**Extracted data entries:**

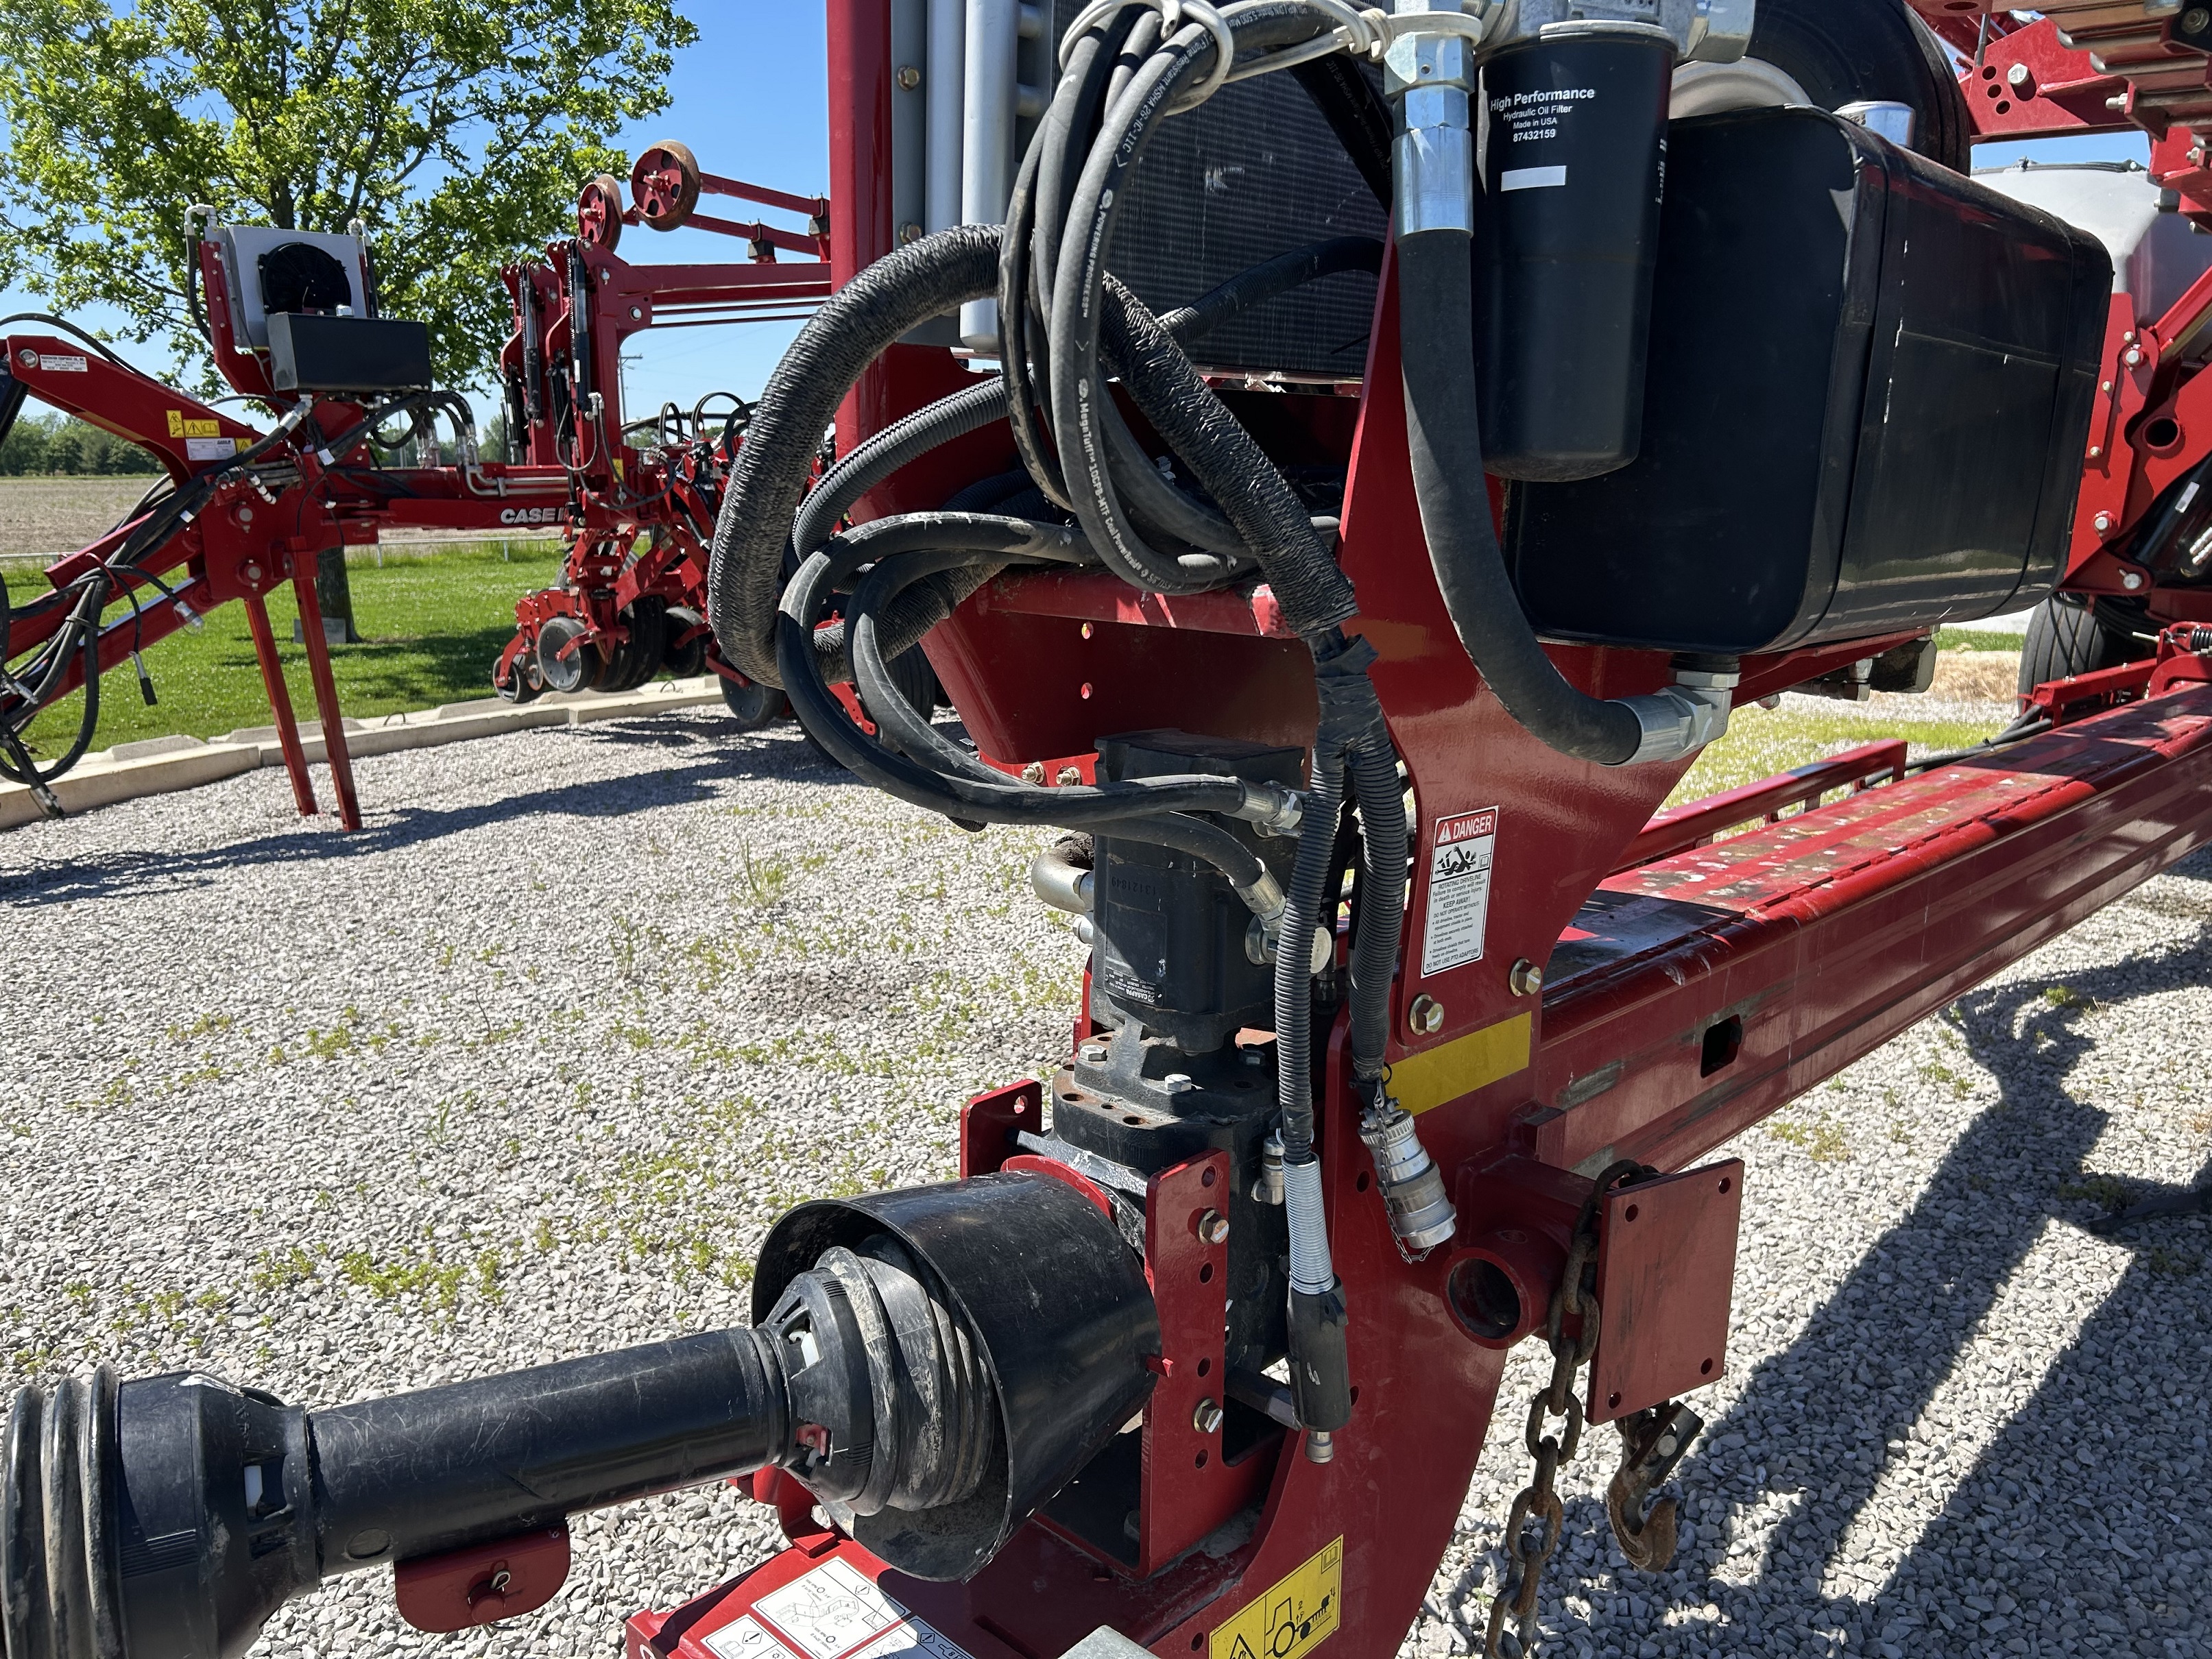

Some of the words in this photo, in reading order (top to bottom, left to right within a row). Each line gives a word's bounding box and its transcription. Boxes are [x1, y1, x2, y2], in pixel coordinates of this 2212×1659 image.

[1186, 36, 1205, 57] Flame
[1162, 53, 1190, 86] Resistant
[1147, 82, 1164, 106] MSHA
[1490, 97, 1511, 112] High
[1513, 88, 1596, 106] Performance
[1503, 108, 1536, 122] Hydraulic
[1538, 106, 1549, 115] Oil
[1551, 104, 1573, 114] Filter
[1513, 120, 1531, 130] Made
[1541, 117, 1557, 125] USA
[1513, 128, 1556, 143] 87432159
[1089, 210, 1107, 259] POWERING
[501, 507, 556, 524] CASE
[1453, 815, 1492, 840] DANGER
[1439, 880, 1459, 889] ROTATING
[1460, 873, 1481, 884] DRIVELINE
[1452, 884, 1466, 893] comply
[1443, 900, 1455, 909] KEEP
[1456, 896, 1470, 905] AWAY!
[1459, 947, 1478, 958] ADAPTORS
[1126, 989, 1148, 1000] CASAPPA
[1298, 1601, 1303, 1610] 2
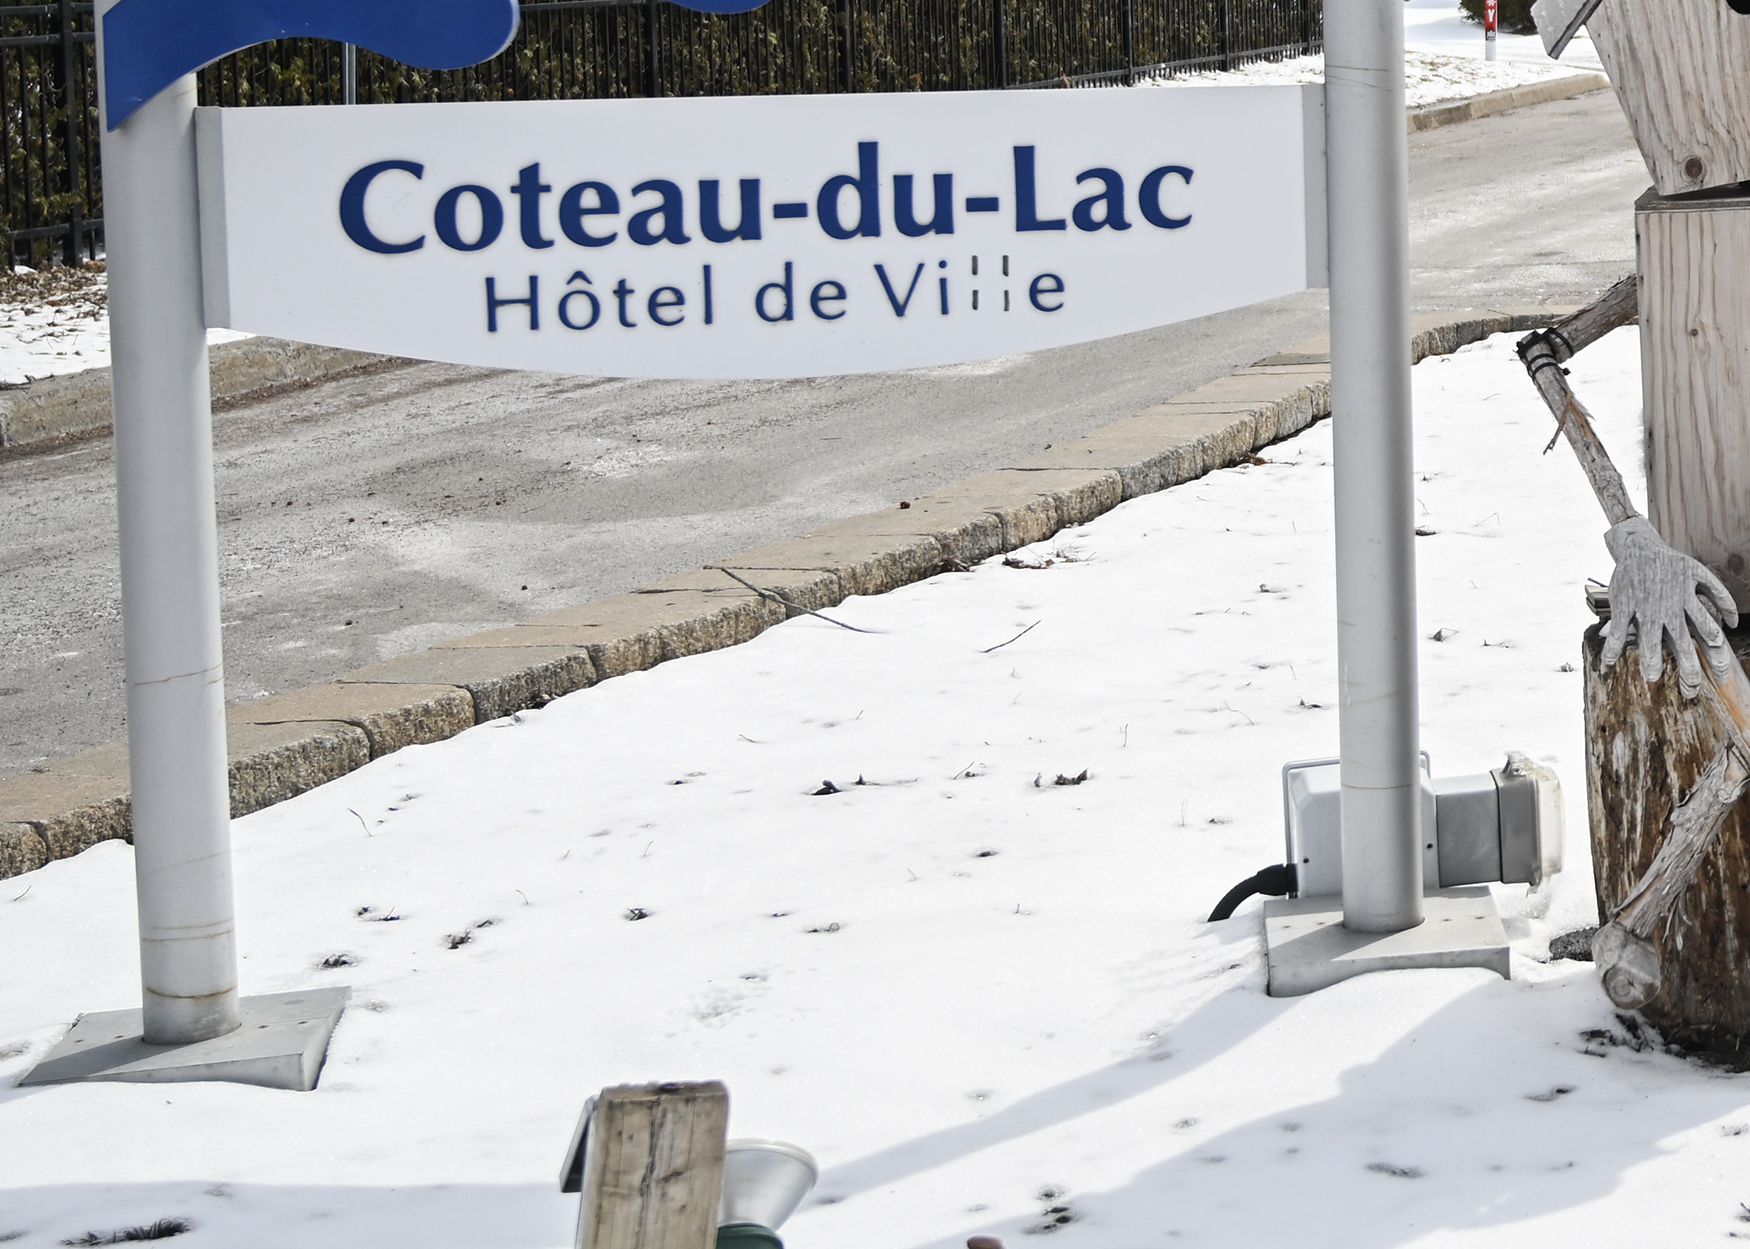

**WHAT YOU WILL DO:** Copy each entry exactly as written. Images should not appear in the copy.

**TASK OUTPUT:**
Some of the words in this photo, in reading order (top to bottom, left to right within a row). Each line gives a word's bounding box and its transcription. Boxes are [x1, y1, x2, y2], in pixel coordinates of this 2212×1659 image.

[1186, 36, 1205, 57] Flame
[1162, 53, 1190, 86] Resistant
[1147, 82, 1164, 106] MSHA
[1490, 97, 1511, 112] High
[1513, 88, 1596, 106] Performance
[1503, 108, 1536, 122] Hydraulic
[1538, 106, 1549, 115] Oil
[1551, 104, 1573, 114] Filter
[1513, 120, 1531, 130] Made
[1541, 117, 1557, 125] USA
[1513, 128, 1556, 143] 87432159
[1089, 210, 1107, 259] POWERING
[501, 507, 556, 524] CASE
[1453, 815, 1492, 840] DANGER
[1439, 880, 1459, 889] ROTATING
[1460, 873, 1481, 884] DRIVELINE
[1452, 884, 1466, 893] comply
[1443, 900, 1455, 909] KEEP
[1456, 896, 1470, 905] AWAY!
[1459, 947, 1478, 958] ADAPTORS
[1126, 989, 1148, 1000] CASAPPA
[1298, 1601, 1303, 1610] 2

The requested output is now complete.